[Prompt] Each line of the listing below must be retyped exactly, with images left out.

------------------------------------------------------------

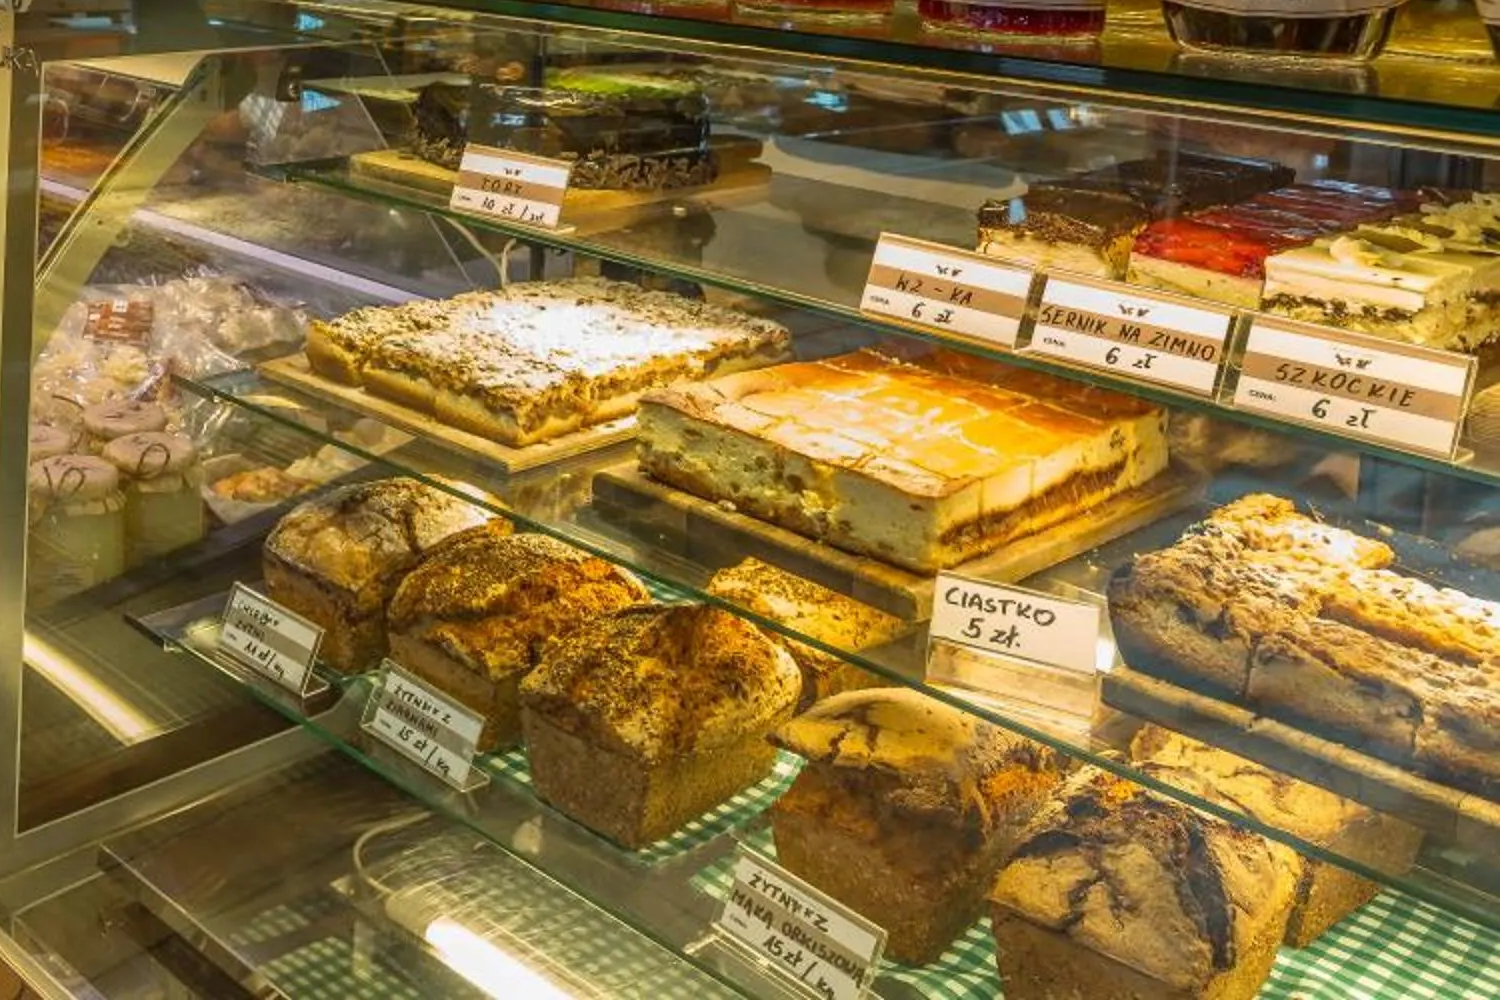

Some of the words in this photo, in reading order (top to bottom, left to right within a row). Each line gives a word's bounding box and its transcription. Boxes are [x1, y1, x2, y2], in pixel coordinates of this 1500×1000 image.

[911, 301, 926, 319] 6
[1039, 305, 1106, 335] SERNIK
[1119, 323, 1142, 341] NA
[1149, 331, 1215, 361] ZIMNO
[1104, 347, 1120, 366] 6
[1311, 398, 1331, 420] 6
[945, 587, 1057, 627] CIASTKO
[961, 617, 985, 639] 5
[762, 935, 785, 957] 15
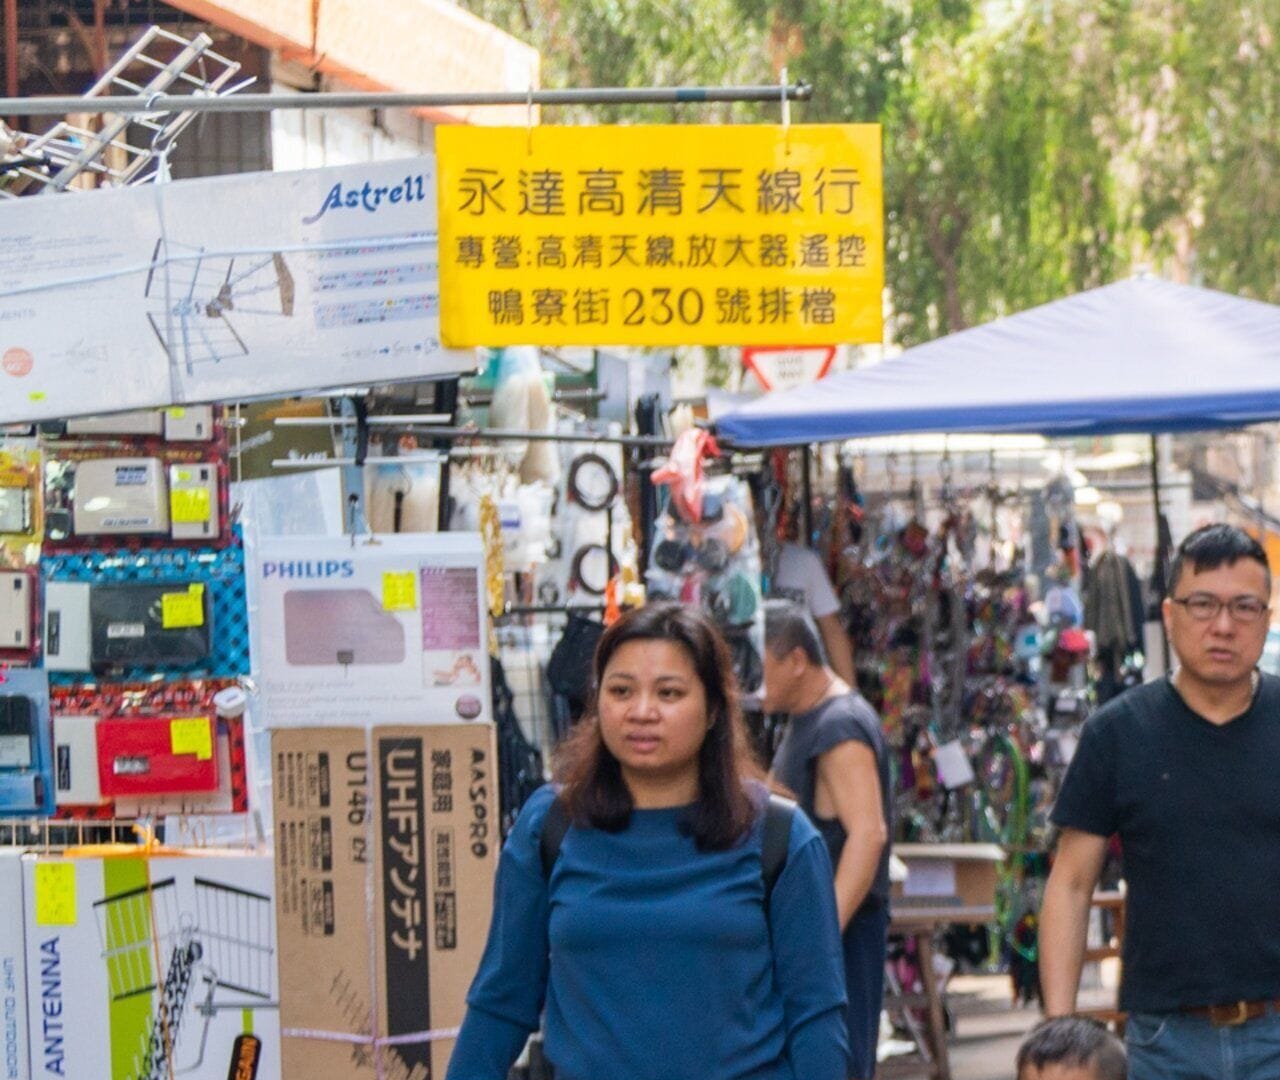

------------------------------------------------------------

[Expected output]
Some of the words in this photo, in reading order (top to bottom, left to right within a row). Each line gives a word's bounding box and its transcription. Boxes are [x1, y1, x2, y2], in pixel coordinates of this 1500×1000 image.

[911, 301, 926, 319] 6
[1039, 305, 1106, 335] SERNIK
[1119, 323, 1142, 341] NA
[1149, 331, 1215, 361] ZIMNO
[1104, 347, 1120, 366] 6
[1311, 398, 1331, 420] 6
[945, 587, 1057, 627] CIASTKO
[961, 617, 985, 639] 5
[762, 935, 785, 957] 15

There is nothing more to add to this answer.